Parini encouraged the migration of Italians to the islands, expanded and legalized the underground Fascist organizations, and promoted his policies through a radio station and the official newspaper Jonica, later replaced by Gazzetta Jonica. Pictures of the heroes of the Greek War of Independence were removed from public schools as were book chapters dealing with modern Greek history. The Italian language became a mandatory school subject and shop owners were forced to use bilingual signs. On 25 March 1942, the circulation of the Greek drachma was outlawed and replaced by the Italian Ionian drachma. Greek stamps were replaced in a similar manner. The Ionian Islands did not manage to escape the horrors of the Great Famine of 1941–42, partially due to Parini's refusal to allow the Red Cross to distribute aid in the region.

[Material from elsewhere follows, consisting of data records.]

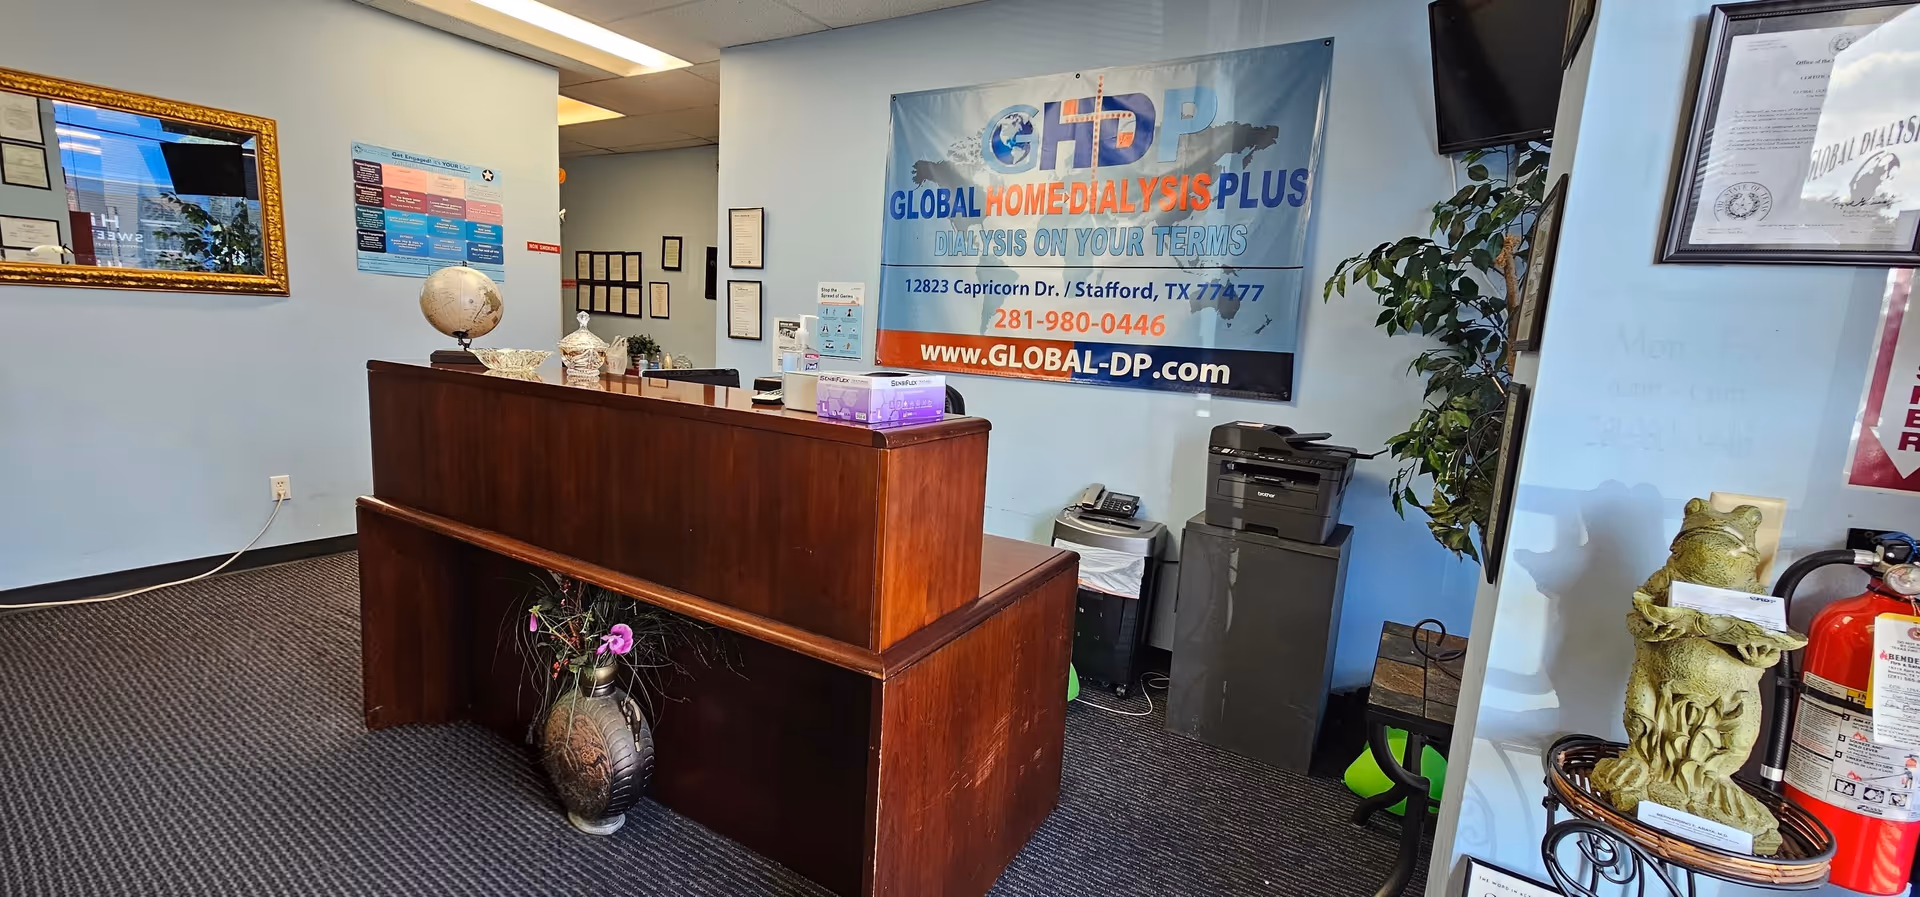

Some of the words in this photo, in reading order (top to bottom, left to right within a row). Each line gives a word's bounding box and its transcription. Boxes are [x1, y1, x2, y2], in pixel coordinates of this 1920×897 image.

[982, 86, 1218, 175] GHDP
[442, 161, 459, 169] YOUR
[890, 186, 980, 220] GLOBAL
[1217, 168, 1310, 210] PLUS
[934, 228, 1028, 256] DIALYSIS
[1034, 228, 1068, 256] ON
[1074, 226, 1144, 257] YOUR
[1152, 224, 1248, 257] TERMS
[905, 278, 949, 293] 12823
[954, 279, 1030, 298] Capricorn
[1034, 280, 1060, 297] Dr.
[1075, 281, 1159, 302] Stafford,
[1164, 282, 1192, 300] TX
[1196, 282, 1265, 302] 77477
[994, 308, 1166, 337] 281-980-0446
[920, 344, 1231, 384] www.GLOBAL-DP.com
[822, 402, 828, 412] L
[877, 410, 882, 419] L
[1492, 881, 1509, 891] WORD
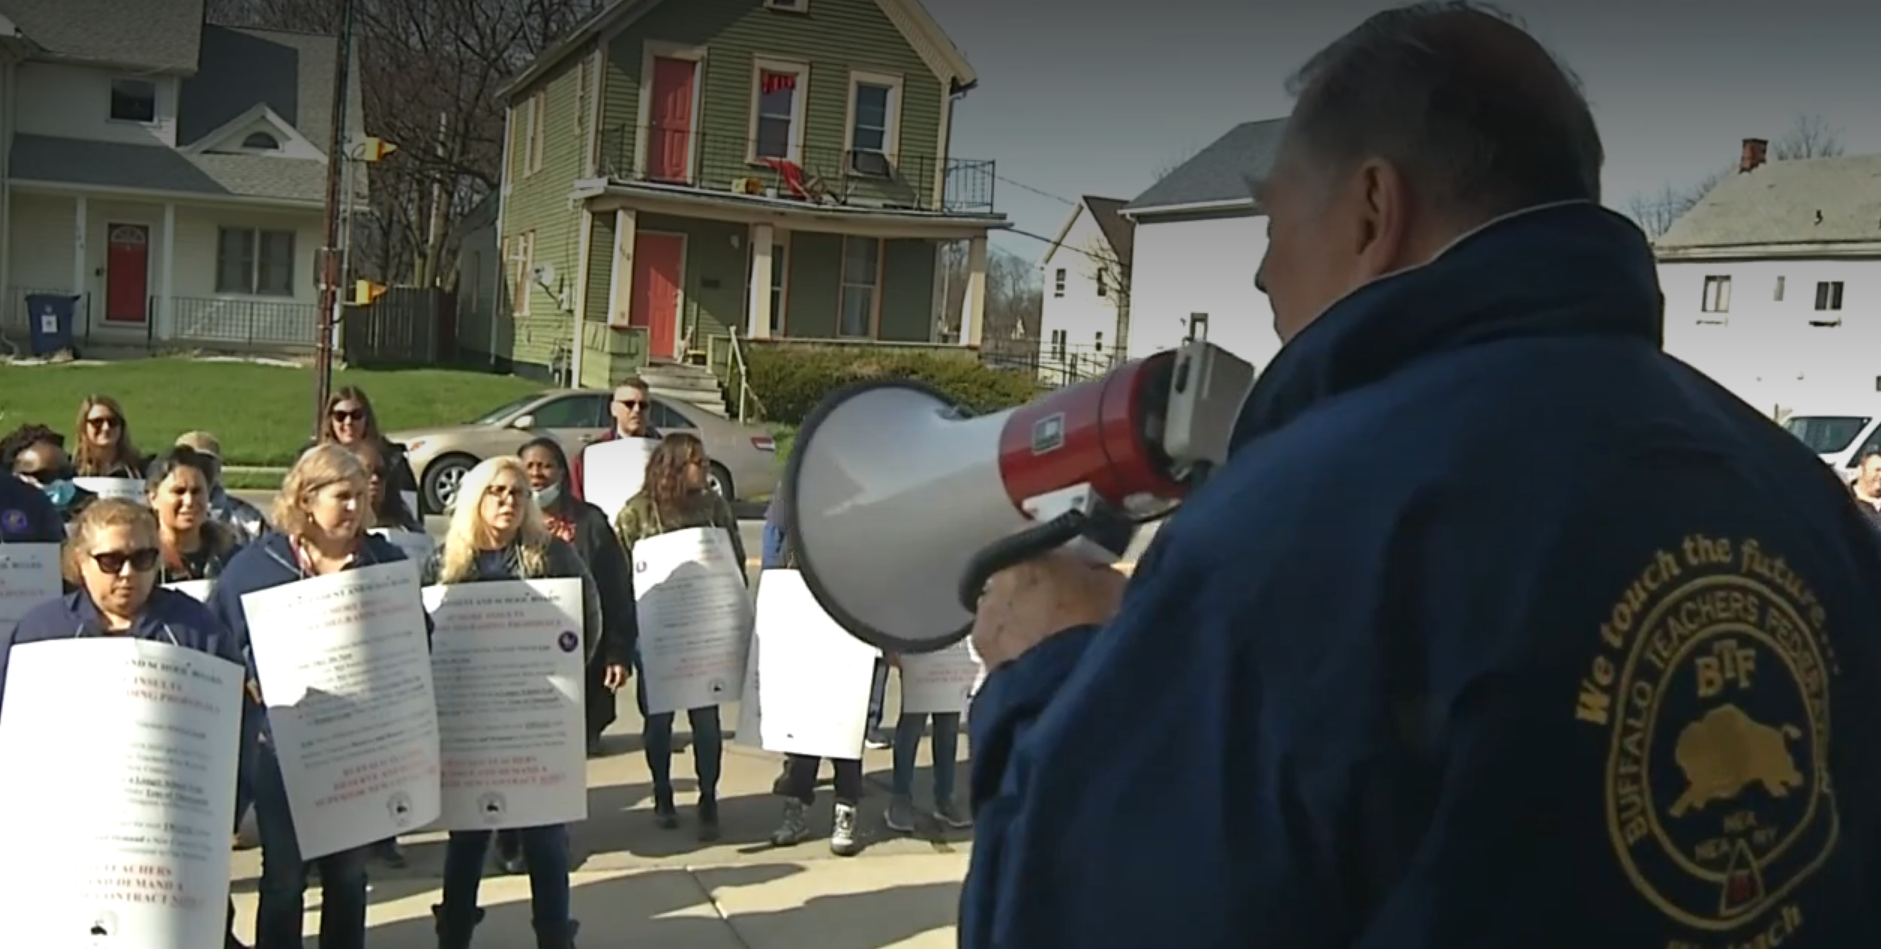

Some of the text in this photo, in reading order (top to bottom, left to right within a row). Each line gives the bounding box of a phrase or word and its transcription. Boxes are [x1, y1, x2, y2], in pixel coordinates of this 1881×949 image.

Following the Fall of the Fascist regime in Italy, Parini departed Corfu in late August 1943 on the yacht Aspasia, while a second ship carried 40 crates of looted art he had collected. He supported the Italian Social Republic and was appointed mayor of Milan. In April 1945 he escaped to Switzerland with forged Spanish papers along with his second wife Melpo Fafaliou, whom he had married in 1944 following the death of his first spouse Rozetta Colombi. The authenticity of the papers was soon questioned and Parini was deported to Italy, where he was given a 12-year prison term by a military tribunal for war crimes committed during his spell as mayor of Milan; he was released in 1946 in an amnesty. A second trial regarding war crimes committed in the Ionian Islands ended in his acquittal. He then emigrated to South America with his wife, where he died in 1993.